Наши лбы соприкасаются, и губы в опасной близости.

– Что мы делаем? – шепчу я, только Уорд не реагирует. Он целует меня, а я – его. Мы целуемся сладко и долго, но вскоре я уже чувствую его руки на своем теле, пуговицы на моей блузке расстегиваются, и его теплые пальцы скользят по моей коже. Я впиваюсь в его губы еще более страстным поцелуем, растворяясь в нем без остатка – в его руках, в его прикосновениях. И тут звонит телефон. Все звонит и звонит. Громко.

Я отстраняюсь.

– Ответь, – говорю я, глядя в окно. Что я делаю?

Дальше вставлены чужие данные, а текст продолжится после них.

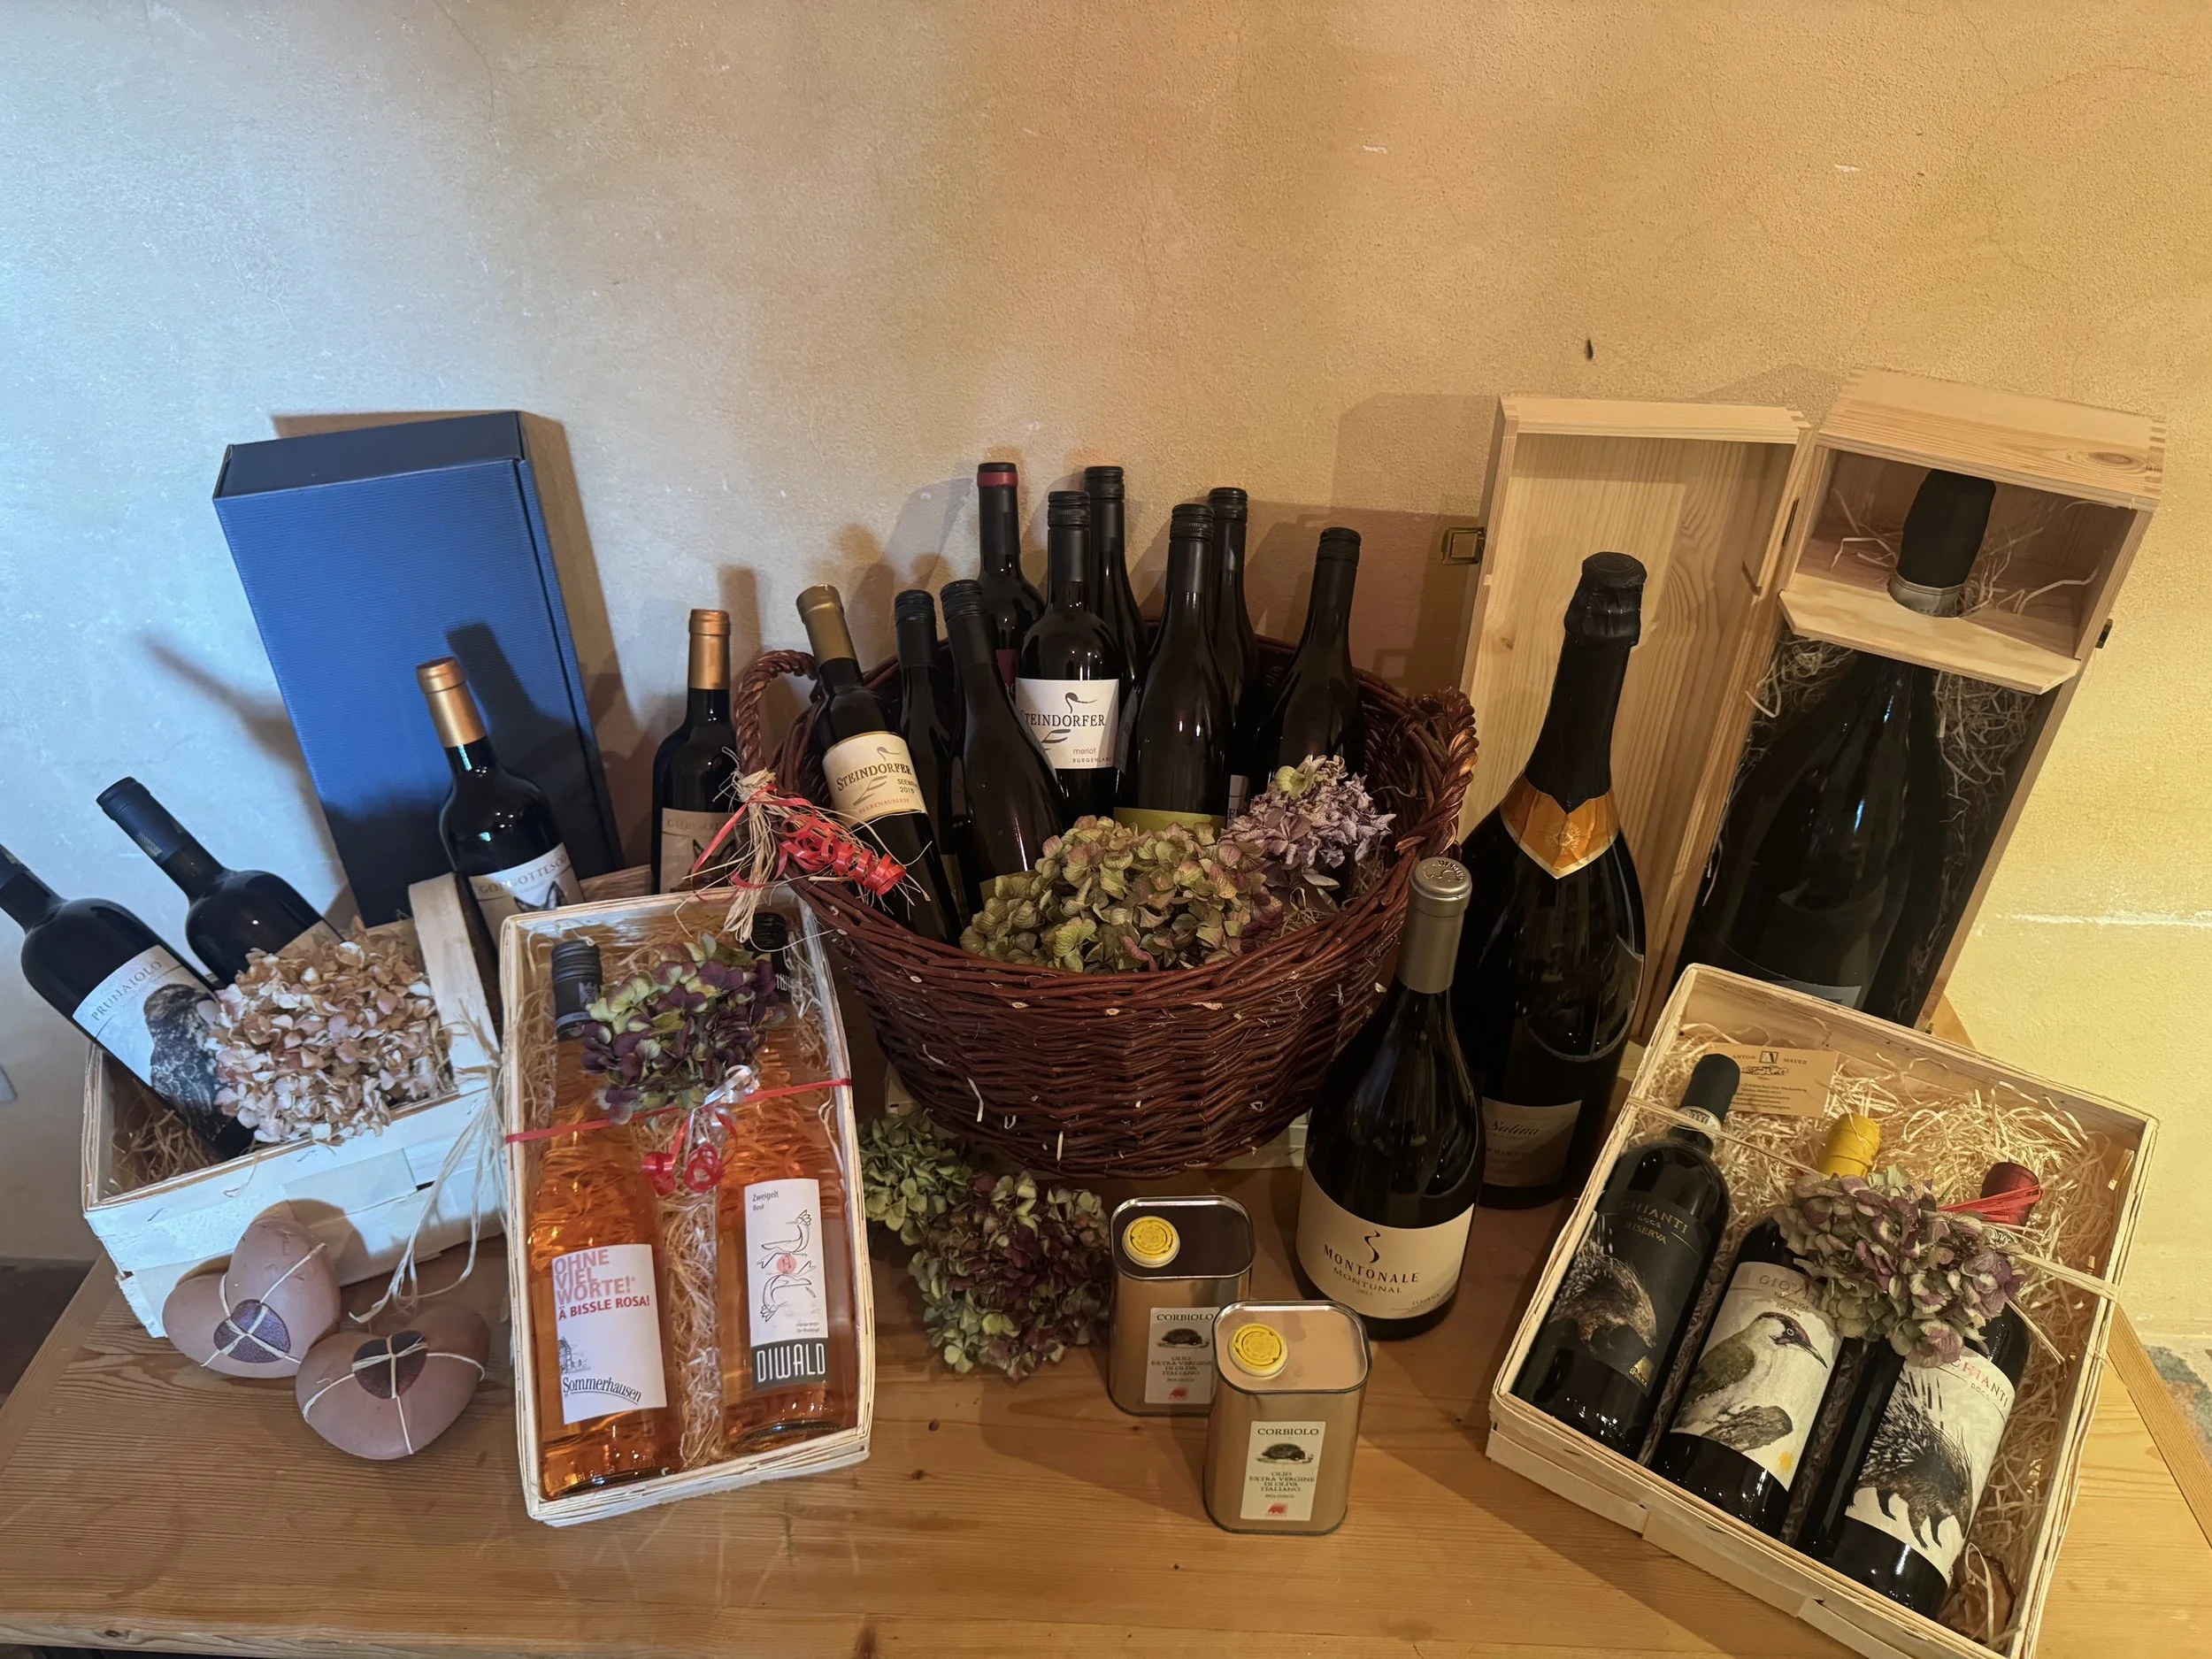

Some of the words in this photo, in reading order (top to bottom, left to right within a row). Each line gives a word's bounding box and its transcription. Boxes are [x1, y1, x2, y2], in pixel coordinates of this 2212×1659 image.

[1072, 747, 1096, 756] merlot
[836, 763, 912, 791] STEINDORFER
[90, 961, 163, 1022] PRUNAIOLO
[752, 1190, 780, 1202] Zweigelt
[1624, 1222, 1667, 1245] RISERVA
[554, 1248, 610, 1275] OHNE
[1324, 1244, 1419, 1284] MONTONALE
[555, 1267, 597, 1290] VIEL
[1333, 1265, 1402, 1294] MONTUNAL
[570, 1299, 612, 1317] BISSLE
[615, 1294, 650, 1310] ROSA!
[756, 1343, 826, 1384] DIWALD
[562, 1377, 642, 1403] Sommerhausen

– Привет, – снимает Уорд трубку.

Длинная пауза.

– Марина, мы можем…

Услышав ее имя, я сжимаюсь.

– Я в машине, – продолжает Уорд, отчаянно пытаясь прекратить разговор. – Перезвоню.

Он отключается.

Я не могу смотреть ему в глаза.

Он хватает мою ладонь.

– Дженьюэри, послушай, я…

Я выдергиваю ладонь из его руки.

– Поезжай вперед. Уорд, пожалуйста. Мне нужно домой.

– Позволь мне объяснить.

– Объяснить что? Что ты женат? Это я поняла давно.

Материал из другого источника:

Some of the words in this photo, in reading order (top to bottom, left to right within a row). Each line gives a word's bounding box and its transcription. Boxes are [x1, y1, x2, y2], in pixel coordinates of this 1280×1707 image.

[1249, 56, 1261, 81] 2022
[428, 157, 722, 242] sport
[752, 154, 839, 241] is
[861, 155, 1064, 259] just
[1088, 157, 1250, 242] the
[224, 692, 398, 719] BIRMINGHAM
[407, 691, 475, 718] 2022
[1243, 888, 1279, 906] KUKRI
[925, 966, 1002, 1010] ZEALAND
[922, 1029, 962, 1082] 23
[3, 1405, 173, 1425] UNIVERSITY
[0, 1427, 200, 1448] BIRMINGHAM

– Но мой брак трещит по швам.

– Бедняжка! И о чем я только думала! О чем ты думал, Уорд?

Я знаю в глубине души, что и я виновата, и именно потому я ненавижу себя. Почему я западаю на мужчин, которые только делают мне больно?

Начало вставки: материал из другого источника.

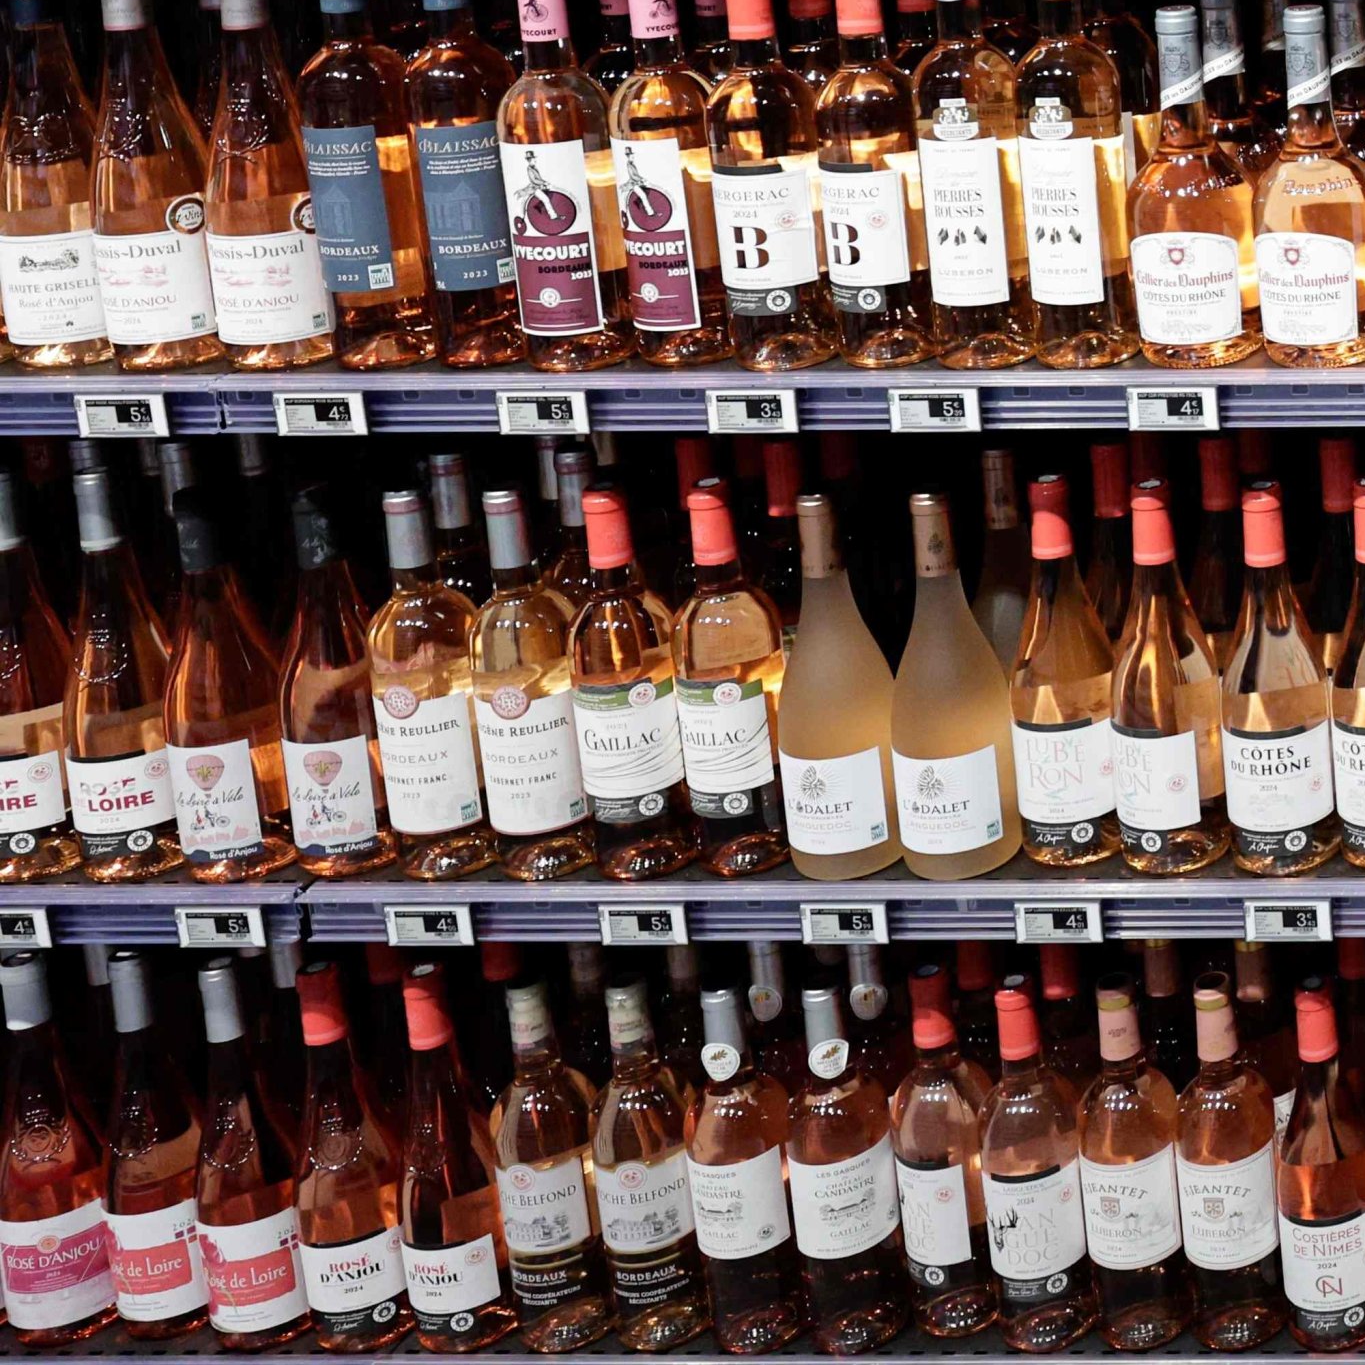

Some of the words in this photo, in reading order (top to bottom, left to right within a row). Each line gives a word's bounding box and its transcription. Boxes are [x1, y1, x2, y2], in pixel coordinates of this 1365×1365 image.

[304, 140, 372, 156] BLAISSAC
[934, 188, 983, 204] PIERRES
[733, 209, 758, 218] 2024
[934, 204, 985, 218] ROUSSES
[319, 244, 379, 256] BORDEAUX
[337, 273, 359, 282] 2023
[538, 263, 592, 275] BORDEAUX
[1178, 267, 1235, 289] Dauphins
[1143, 288, 1171, 302] CÔTES
[1171, 291, 1184, 300] DU
[1187, 287, 1227, 301] RHÔNE
[584, 729, 662, 752] GAILLAC
[1240, 744, 1294, 762] CÔTES
[1231, 761, 1247, 773] DU
[1251, 755, 1312, 775] RHÔNE
[88, 791, 155, 813] LOIRE
[209, 849, 229, 860] Rosé
[229, 846, 258, 859] d'Anjou
[520, 1182, 578, 1205] BELFOND
[7, 1253, 41, 1270] ROSÉ
[43, 1237, 100, 1266] D'ANJOU
[1294, 1244, 1309, 1257] DE
[126, 1264, 140, 1277] de
[144, 1257, 182, 1274] Loire
[328, 1254, 371, 1273] ROSÉ
[615, 1265, 676, 1283] BORDEAUX

– Нельзя так поступать с Мариной. И дело не только в том, что ты женат. Ты еще и мой начальник.

– Знаю, знаю, но позволь мне…

– Нет. Веди машину.

– Я так давно хочу тебя поцеловать…

– Прекрати.

– Между мной и Мариной все слишком сложно.

Я наконец поворачиваюсь к нему.

– Ты чувствуешь себя виноватым?

Он кивает.

– Мы не должны были, я не должен был целовать тебя, но…

– Езжай, пожалуйста!

Мне так стыдно за себя.

– Или высади меня прямо тут.

– Дженьюэри, пожалуйста.

Уорд перегибается через кресло, кладет руку на мою, чтобы не дать мне выйти.

– Прости, но…

Я убираю свою руку и опять смотрю в окно.

– Пожалуйста, Уорд. Мне надо домой.

Вернувшись домой, я застала картину: Айла лежит на диване, свернувшись калачиком. Спад запрыгивает на диван и начинает лизать ей лицо, отчего ее настроение тут же становится лучше. Потом она обнимает меня крепко-крепко.

– Хочешь что-нибудь обсудить? – спрашиваю я тихо. С кухни приходит Руки.

– Ты же расскажешь маме, что случилось, милая?

– Я просто поговорила с одной из подружек Джеммы, и Джемма жутко разозлилась. Она сказала ей: «Ты бросаешь меня. Если бы я ушла в другую школу, вам всем было бы все равно!»

– Неужели?

Айла кивает.

– Последним уроком была математика, с мисс Бантинг.

Айла любит мисс Бантинг.

– Когда прозвенел звонок, и я встала, Джемма толкнула меня. Она толкнула меня, я упала, мама, и рассыпала все свои учебники.

– И никто этого не видел? – Я глажу ее по волосам.

Айла качает головой.

– Она специально, мама. Она не любит меня. Обозвала меня инвалидкой.

Мы с Руки переглядываемся, чтобы убедиться, что думаем об одном и том же.

– Люди говорят ужасные вещи, Айла, – объясняю я, – когда им плохо. Джемма, вероятно, не очень счастлива, и таким образом она пытается заставить тебя тоже быть несчастной. Только это нехорошо. Понимаешь, Айла? Но ты не виновата.